US Fed & ECB minutes, weak oil to blame?

This article is more than 12 months old

Week of largely featureless trading

On the face of it, North Korea's missile test may have had something to do with the cloud of uncertainty that hung over markets this week and capped gains, though why this test should be any different from the many others that preceded it over the past few years is a mystery.

According to some observers, the more likely factors were the hawkish tone struck by the US Federal Reserve and the European Central Bank in their releases this week and a slide in oil prices.

Whatever the reason, US Treasuries were sold off on Thursday, pushing up yields and dragging stocks sharply lower.

The reaction here yesterday was a mainly weak session for the Straits Times Index, though a late push enabled it to close with a net gain of 2.67 points at 3,229.01, a gain which meant it added three points for the week.

Liquidity has been mediocre of late, with daily volume regularly hovering around the industry's ballpark breakeven point of $1 billion.

On Friday, a weak 1.4 billion units worth $886 million was transacted and, excluding warrants, there were 135 rises versus 264 falls throughout the whole market.


Brokers here described trading as largely featureless, with the index stuck within a trading range.

Commodities firm Noble Group was in the limelight on Thursday when its shares rocketed up 36.2 per cent, drawing a query from the Singapore Exchange.

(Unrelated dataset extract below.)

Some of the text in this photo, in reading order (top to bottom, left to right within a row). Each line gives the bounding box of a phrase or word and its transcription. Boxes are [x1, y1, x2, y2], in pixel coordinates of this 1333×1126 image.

The Fed is convinced that the dip in inflation readings is only transitory... Julius Baer economist Stephanie Lindeck, who added that if things turn out otherwise, the central bank would adjust its tightening plans

The company replied that it did not know of the reasons why its shares were in play.

On Friday, the stock fell back by $0.065 or 10.2 per cent to $0.575 with 40.3 million traded.

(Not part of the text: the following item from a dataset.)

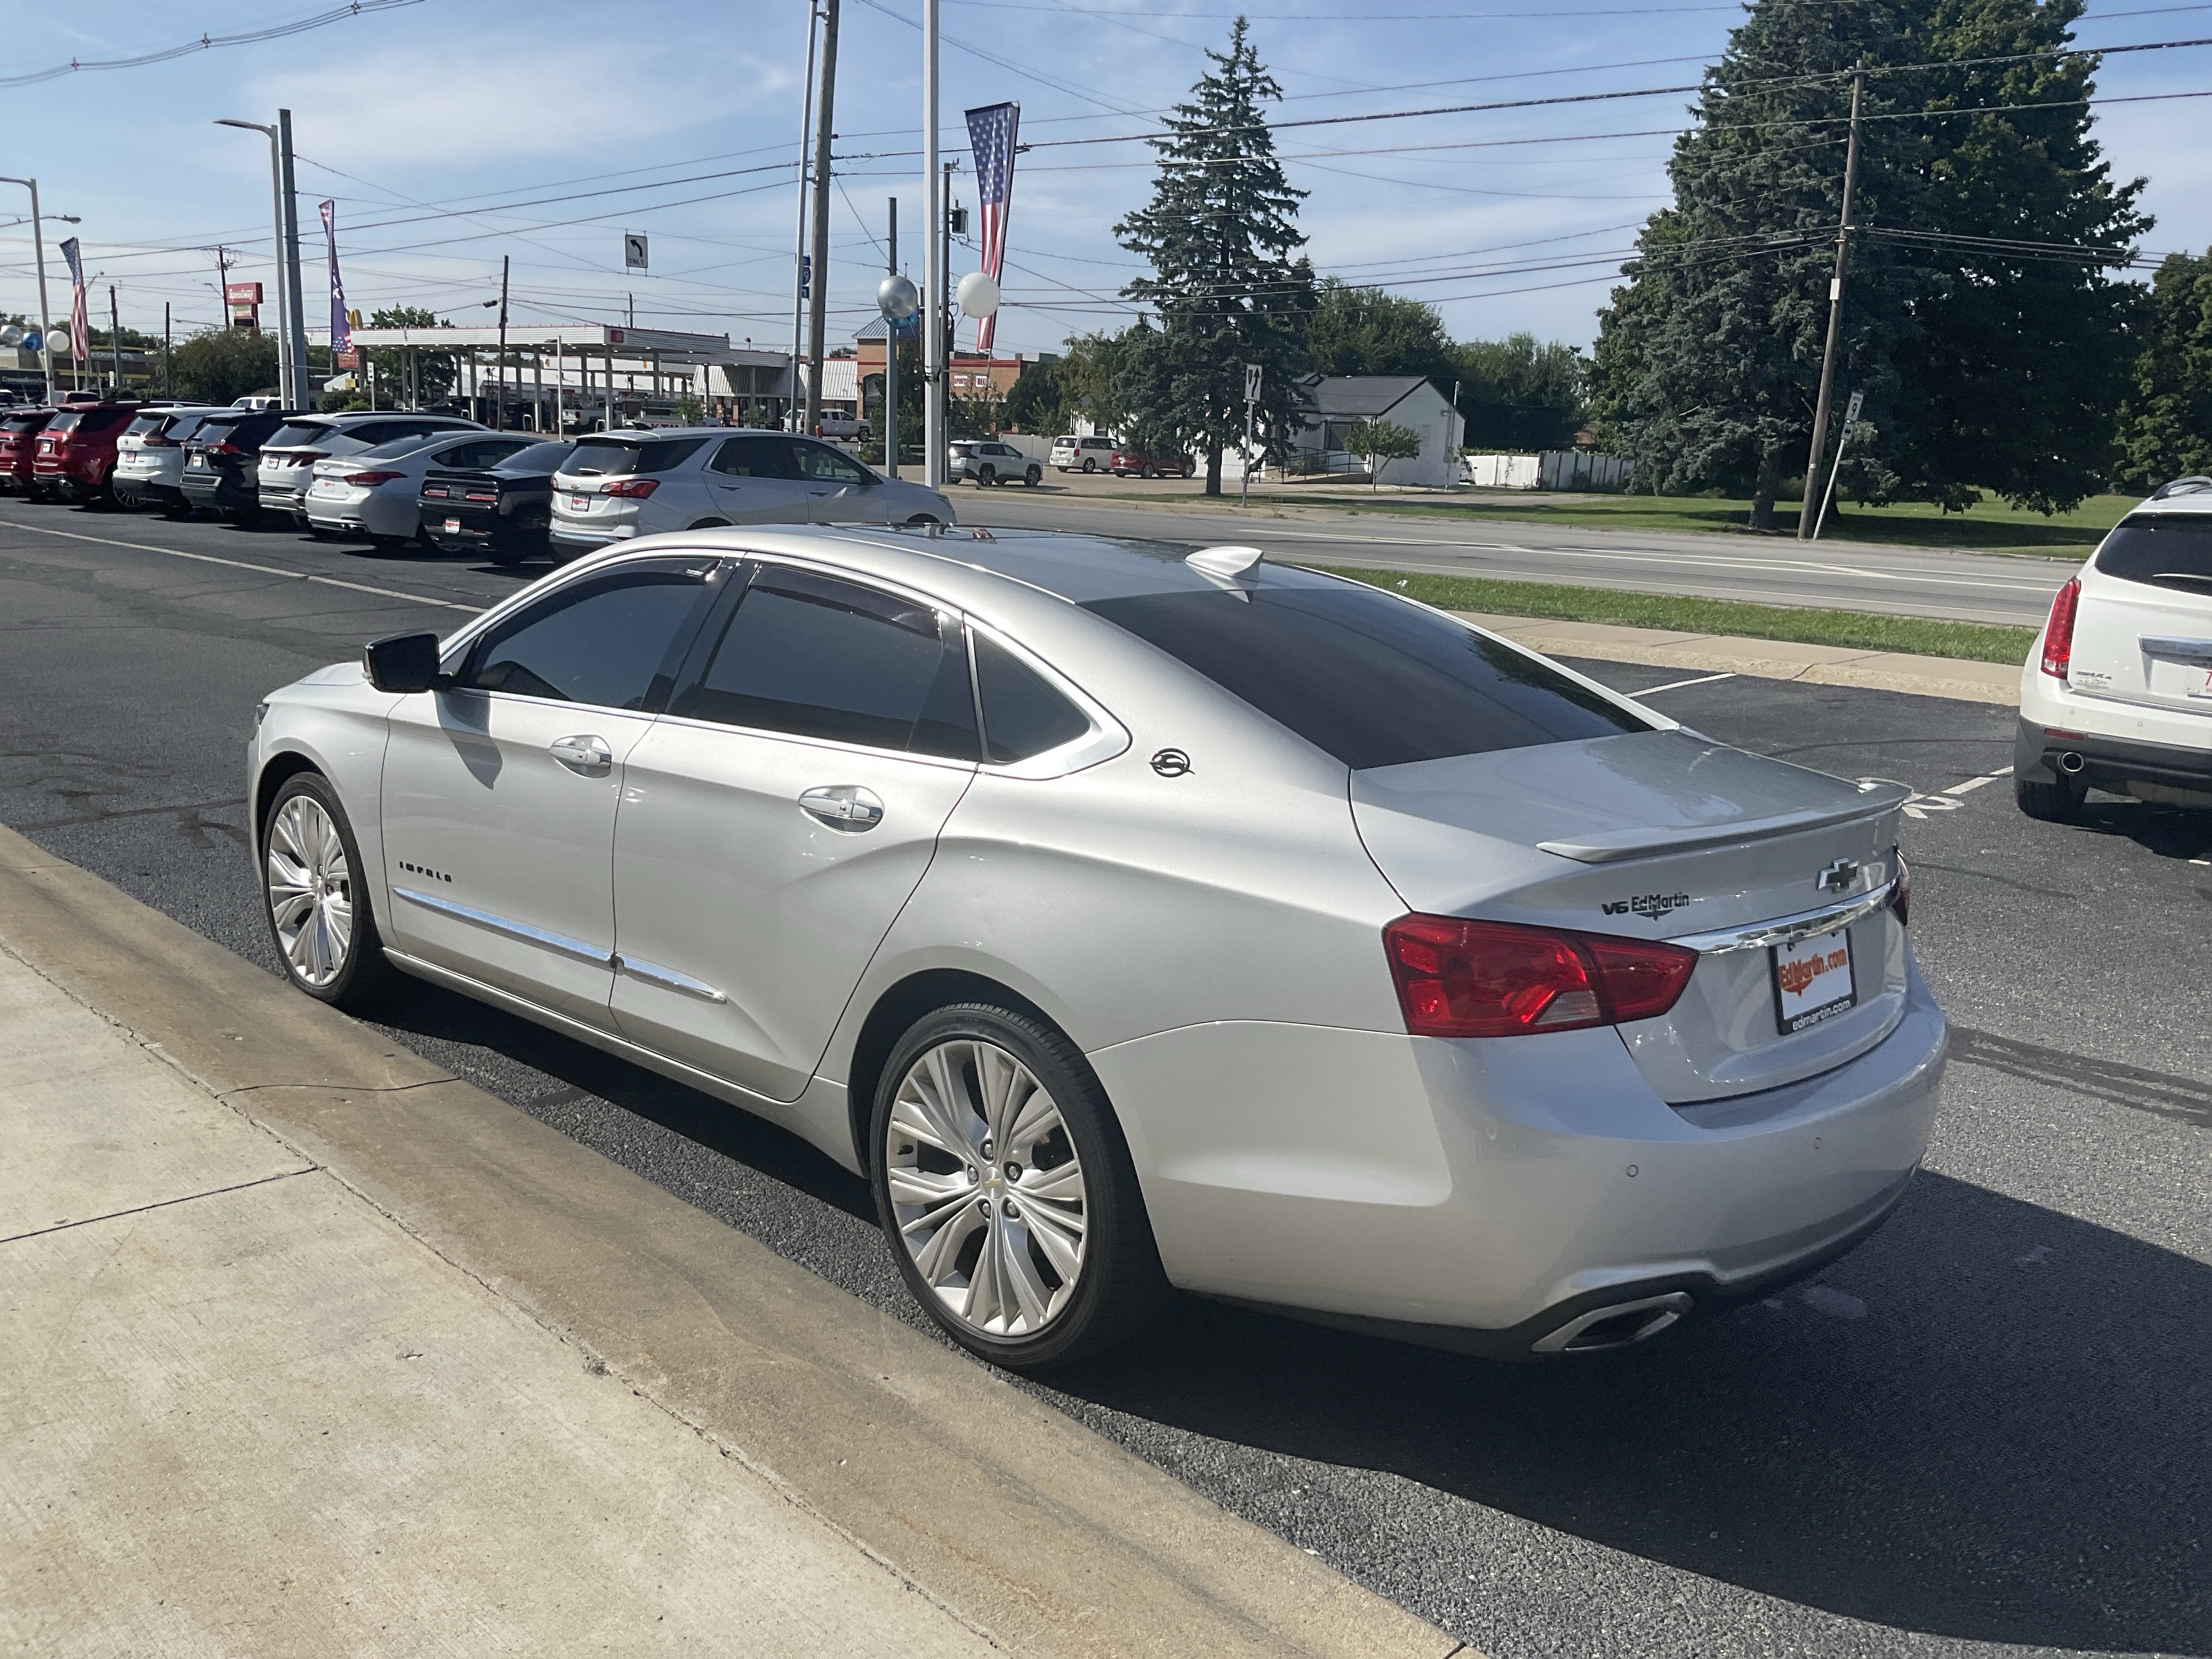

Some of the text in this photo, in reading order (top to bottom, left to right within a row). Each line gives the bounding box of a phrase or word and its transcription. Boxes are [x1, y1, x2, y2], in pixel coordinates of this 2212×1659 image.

Printed circuit board and semiconductor firm Jadason was another second-liner in play, largely because it is enjoying a turnaround in fortunes.

As for blue chips, it came as no surprise that the main plays were on banks, Jardine stocks and property counters.

Maybank Kim Eng in a July 6 Singapore Property report said after it upgraded the sector it recently met Hong Kong investors.

"We sense that clients are hesitant to raise exposure aggressively following the strong year-to-date rally for developer stocks," the broker noted.


"Nonetheless, we continue to see an upward bias for developer stocks and reiterate that an impending rebound in home prices is a sector catalyst to watch...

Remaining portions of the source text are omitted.